The World Social Science Report 2016: Challenging Inequalities – Pathways to a Just World launched on Thursday, September 22, 2016, at the Royal Swedish Academy of Sciences, Stockholm, Sweden. The event was hosted by the Swedish Secretariat for Environmental Earth System Sciences (SSEESS). The Report includes a section authored by Professor Alberto Minujin entitled “Increasing childhood equality in cities: a practical intervention through policy, research and advocacy” about Equity for Children research conducted on intra-urban inequities in several Colombian cities.
The World Social Science Report 2016 highlights the latest social science knowledge on the state of inequalities today, and examines the effects of inequalities across multiple dimensions including gender, environment, access to knowledge, wealth and political power. Looking to the future, the Report asks what scenarios may develop from current levels of inequality, and highlights transformative responses to inequality at all levels, from the grassroots to global governance.

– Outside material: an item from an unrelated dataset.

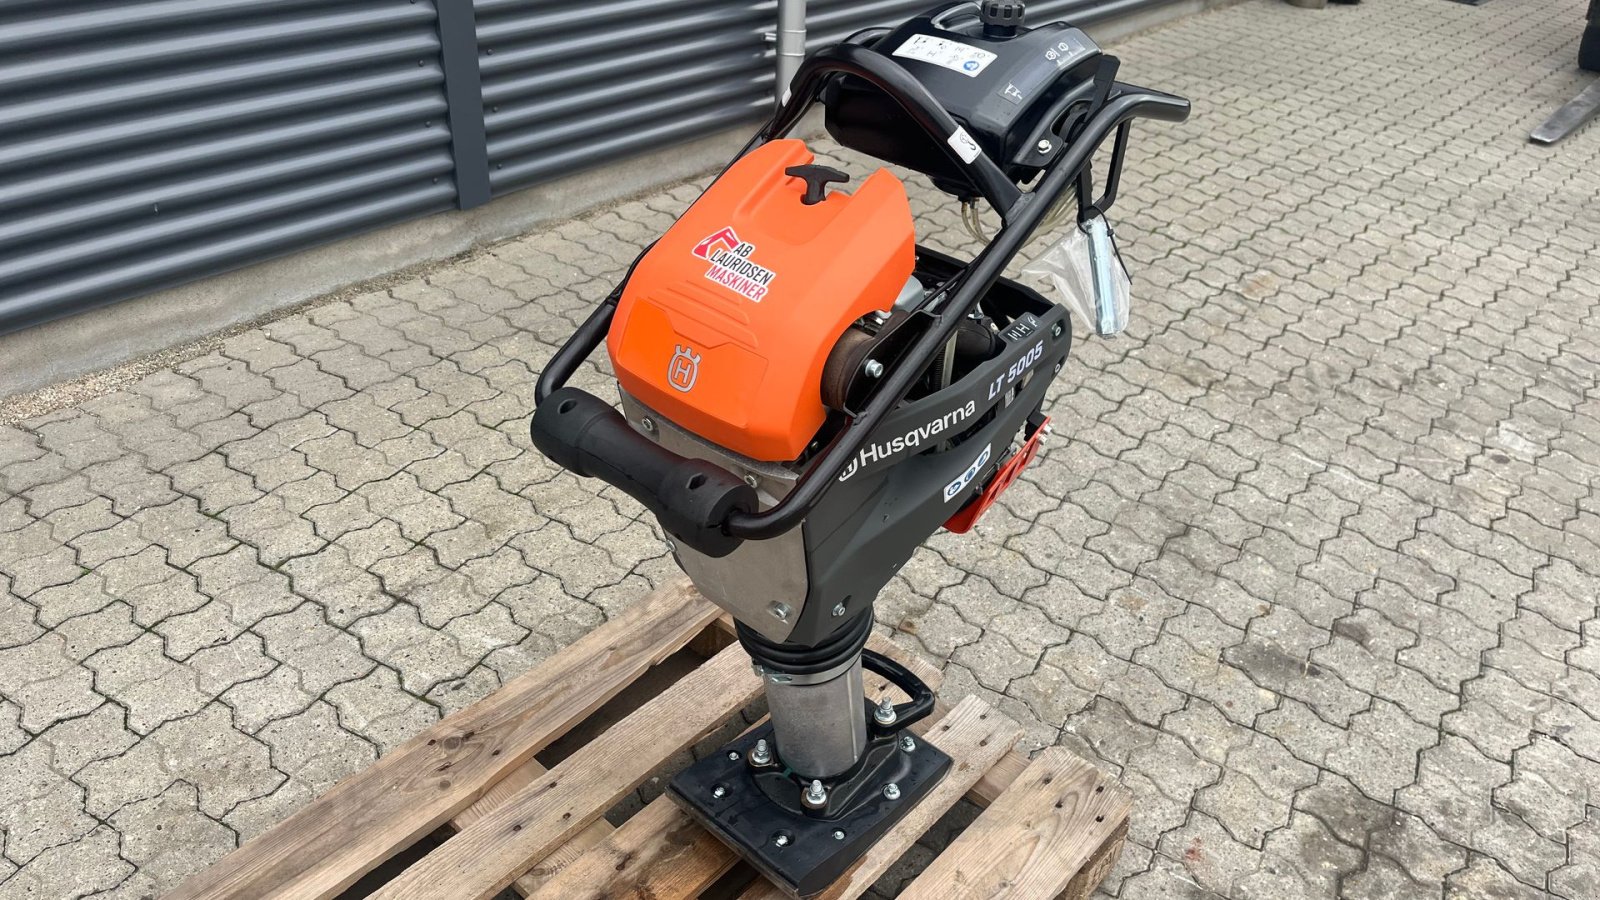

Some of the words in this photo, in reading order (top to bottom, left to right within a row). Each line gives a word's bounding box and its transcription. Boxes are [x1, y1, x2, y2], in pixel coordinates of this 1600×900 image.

The Report challenges the social sciences to develop more innovative combinations of research to better understand why and how inequalities persist. It also points to inequalities in the production of social science knowledge itself – over 80% of academic publications on inequality in the past twenty years are by researchers based in North America and Europe – and calls for strengthened research on inequality from around the world, especially in those countries at the lower ends of the inequality scales.
For additional information and to download the Report click here.
Download Alberto Minujin’s article Increasing childhood equality in cities: a practical intervention through policy, research and advocacy here.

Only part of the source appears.